14. More than one significant artist has perished on a battlefield. In what battle of World War I did German painter Franz Marc (1880-1916) meet his death?

Answer: Verdun

On patrol at Verdun on March 4, 1916, Marc was hit by shrapnel from an exploding grenade. A founder of the Blaue Reiter group and an associate of Wassily Kandinsky, Marc became an important representative of German Expressionism during his short career and was significantly influenced by both Cubism and Futurism.

In his pursuit of the mystical and the spiritual in art, he became particularly interested in color symbolism and in the emotionally-expressive energies of animal forms, as represented in the painting "Blue Horses" in Minneapolis. By 1916, Marc's reputation was well advanced, and he was placed on a list of German artists serving in the military who were supposed to be reassigned to non-combat duties.

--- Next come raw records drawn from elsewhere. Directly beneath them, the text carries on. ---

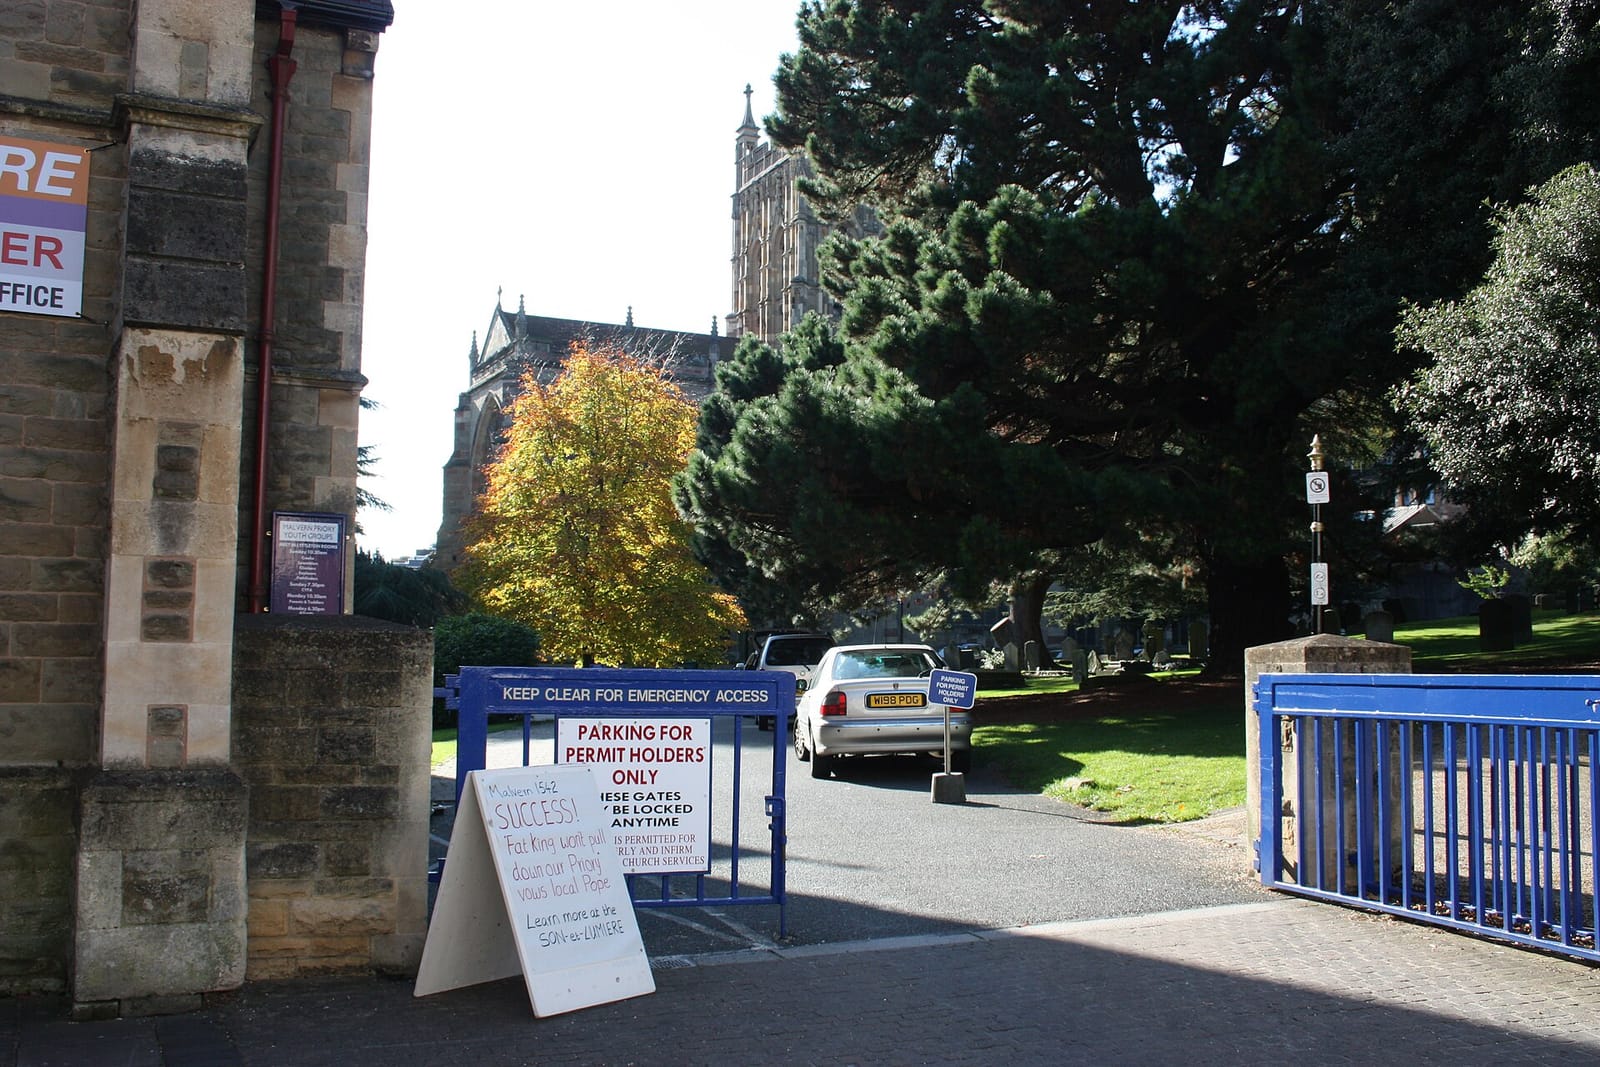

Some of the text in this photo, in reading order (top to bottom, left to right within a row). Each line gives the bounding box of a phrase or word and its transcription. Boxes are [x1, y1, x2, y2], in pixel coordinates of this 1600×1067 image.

[0, 143, 82, 197] RE
[1, 231, 64, 270] ER
[284, 531, 333, 540] YOUTH GROUPS
[941, 675, 966, 684] PARKING
[503, 687, 769, 702] KEEP CLEAR FOR EMERGENCY ACCESS
[938, 689, 965, 698] HOLDERS
[948, 683, 969, 692] PERMIT
[874, 696, 896, 705] W198
[578, 725, 693, 741] PARKING FOR
[566, 747, 705, 763] PERMIT HOLDERS
[612, 769, 659, 785] ONLY
[534, 780, 559, 795] 1542
[633, 792, 681, 801] GATES
[494, 797, 580, 830] SUCCESS!
[613, 805, 630, 814] BE
[633, 804, 693, 814] LOCKED
[610, 817, 679, 827] ANYTIME
[504, 834, 529, 856] Fat
[588, 828, 607, 854] pull
[614, 834, 696, 845] IS PERMITTED FOR
[616, 845, 693, 856] RLY AND INFIRM
[512, 853, 602, 881] down our Priory
[622, 856, 705, 867] CHURCH SERVICES
[517, 874, 611, 902] vows local Pope
[527, 903, 617, 929] Learn more at the

The order came too late to save his life.

Another art-world war casualty was promising French impressionist Frédéric Bazille (1841-1870), who was killed in action in the Franco-Prussian War.
15. Cuban-American artist Ana Mendieta (1948-1985) died in suspicious circumstances. What killed her?

Answer: A fall from an apartment

Born in Havana to a distinguished family, Mendieta was one of thousands of Cuban children airlifted to the States after Castro came to power. She eventually became a sculptor and conceptual artist, who often used her own body as the basis of her work.

By the 1980's, she was receiving serious critical attention, and in 1985, she married famed minimalist sculptor Carl Andre (b. 1935). The marriage quickly turned sour, in part owing to Andre's infidelities. On the morning of September 8, 1985, Mendieta jumped, fell, or was pushed from Andre's 34th-floor apartment in Greenwich Village. Owing to his inconsistent explanations and forensic evidence indicating that Mendieta had not gone out the window of her own volition, Andre was charged with her murder.

After much legal maneuvering, he went on trial in 1988, waiving his right to a jury. The presiding judge acquitted him, and he walked free. The Mendieta case, which remains controversial in the art world, was examined in detail in a 1990 book by Robert Katz.